= John Lepper (economist) =

New Zealand economist (born 1946)

John Lepper (born 1946, in Worthing, West Sussex) is an economist based in Aotearoa, New Zealand. He was chief economist of the Bank of New Zealand, economic advisor to the Leader of the NZ NewLabour Party and NZ Alliance Party when in opposition and in government, and economic advisor to the Deputy Prime Minister of New Zealand.

== Background ==
Lepper has a PhD in economics from University of Surrey, England, on "Causality in Economics" gained in 1971, with Professor G.L.S. Shackle as external examiner.

== Career ==
During and after his doctoral studies Lepper taught economics at various institutions including University of Surrey, City of London Polytechnic, and University of Maryland, Upper Heyford Airforce Base, in the UK, and the University of Auckland, in Aotearoa, where Alan Bollard was one of his students.

From 1976 to 1981 he was an Economic Researcher in the London office of Nomura Research Institute (NRI), where he was the first non-Japanese analyst. During his time at Nomura, Lepper was the founding London Editor of "Nomura Investment Review", and represented NRI at Kiel University seminars on the world economy and at Independent Treasury Economic Model group (ITEM) forecasting meetings.

In mid-1981, Lepper moved back to Aotearoa to take up the position as chief economist of the Bank of New Zealand (BNZ), a position he held until 1988. During the 1980s and 1990s he was also a visiting lecturer in economics at Te Herenga Waka—Victoria University of Wellington.

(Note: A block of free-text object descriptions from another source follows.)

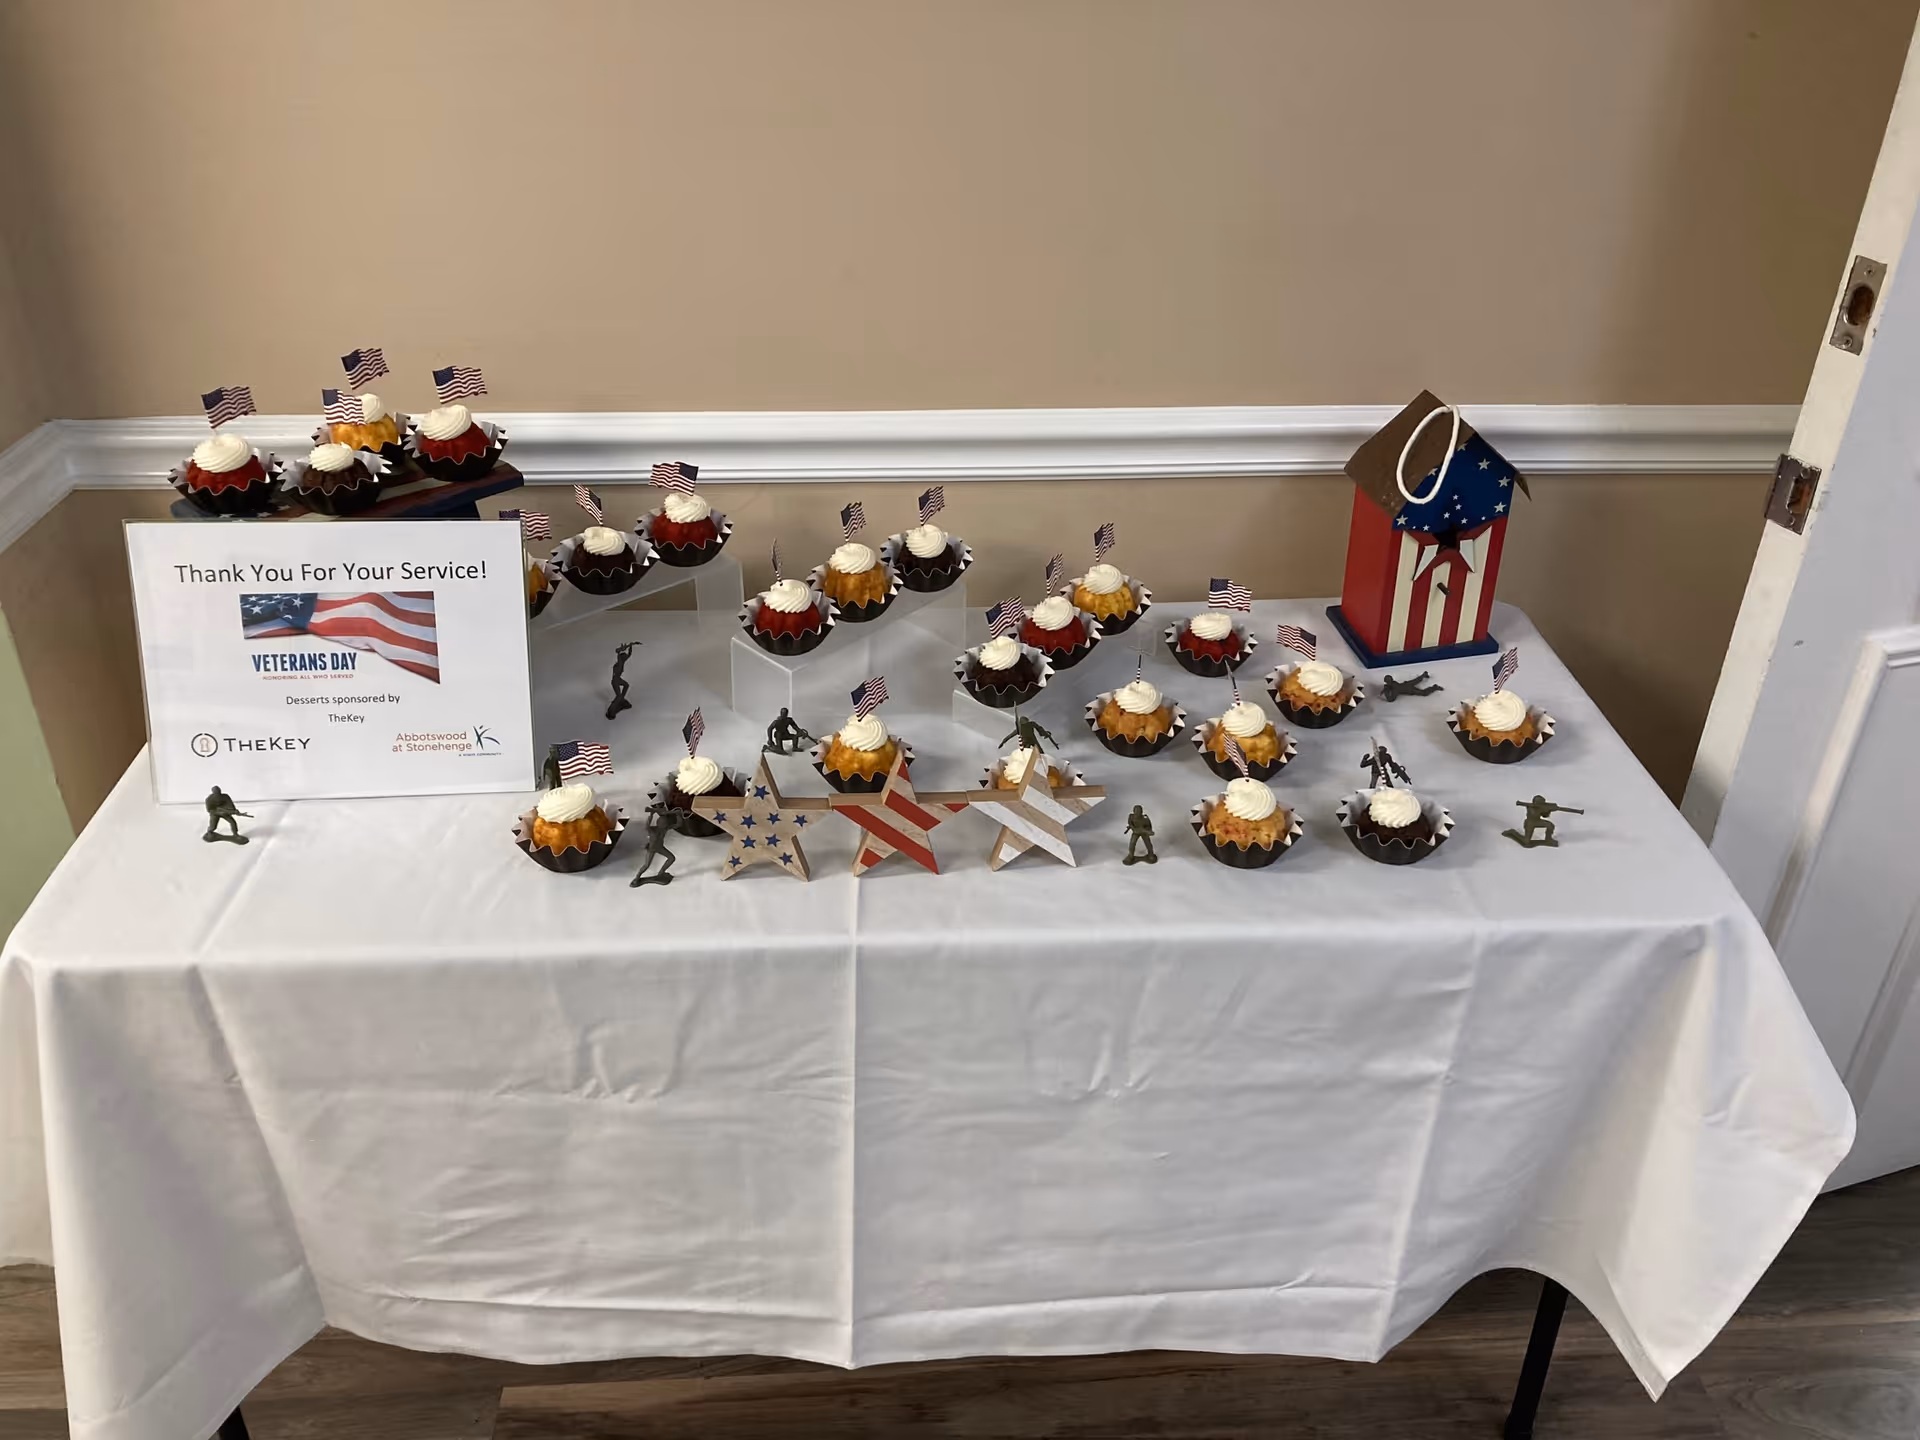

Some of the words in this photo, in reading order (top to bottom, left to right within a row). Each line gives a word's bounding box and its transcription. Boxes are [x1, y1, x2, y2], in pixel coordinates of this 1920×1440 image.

[174, 564, 245, 583] Thank
[250, 564, 293, 582] You
[300, 564, 336, 581] For
[343, 562, 394, 580] Your
[400, 560, 487, 580] Service!
[252, 653, 327, 672] VETERANS
[331, 652, 357, 670] DAY
[286, 696, 330, 705] Desserts
[332, 694, 385, 706] sponsored
[388, 694, 400, 704] by
[328, 714, 365, 724] TheKey
[396, 731, 467, 742] Abbotswood
[392, 744, 402, 752] at
[406, 742, 472, 752] Stonehenge

After leaving the BNZ, Lepper formed the independent economic consultancy firm, Integrated Economic Services Ltd (IES), with fellow former-BNZ economist Petrus Simons and prominent economist Len Bayliss. IES operated from 1988 - 2003 and was founded on the importance of integrating politics, and other considerations such as technology, into economic thinking. IES has been described in 1989 as one of the 'big players in the game' of economic forecasting and more recently specifically as a 'forecasting group', in reality the forecasting work of IES consisted of less than ten percent of total business with contracted economic consulting being the firm's primary focus. This included providing economic advice to the NewLabour Party and then to the Alliance Party.

From the mid 1980s, Lepper formed an association with Jim Anderton, with whom he worked closely until 2003. The public record of their association begins in 1986 with Lepper speaking at an economic seminar weekend, organised by Anderton and the Public Service Association economist Peter Harris, to discuss alternative economic policy. From 1989 Lepper was drafting NewLabour Party economic policy with Anderton.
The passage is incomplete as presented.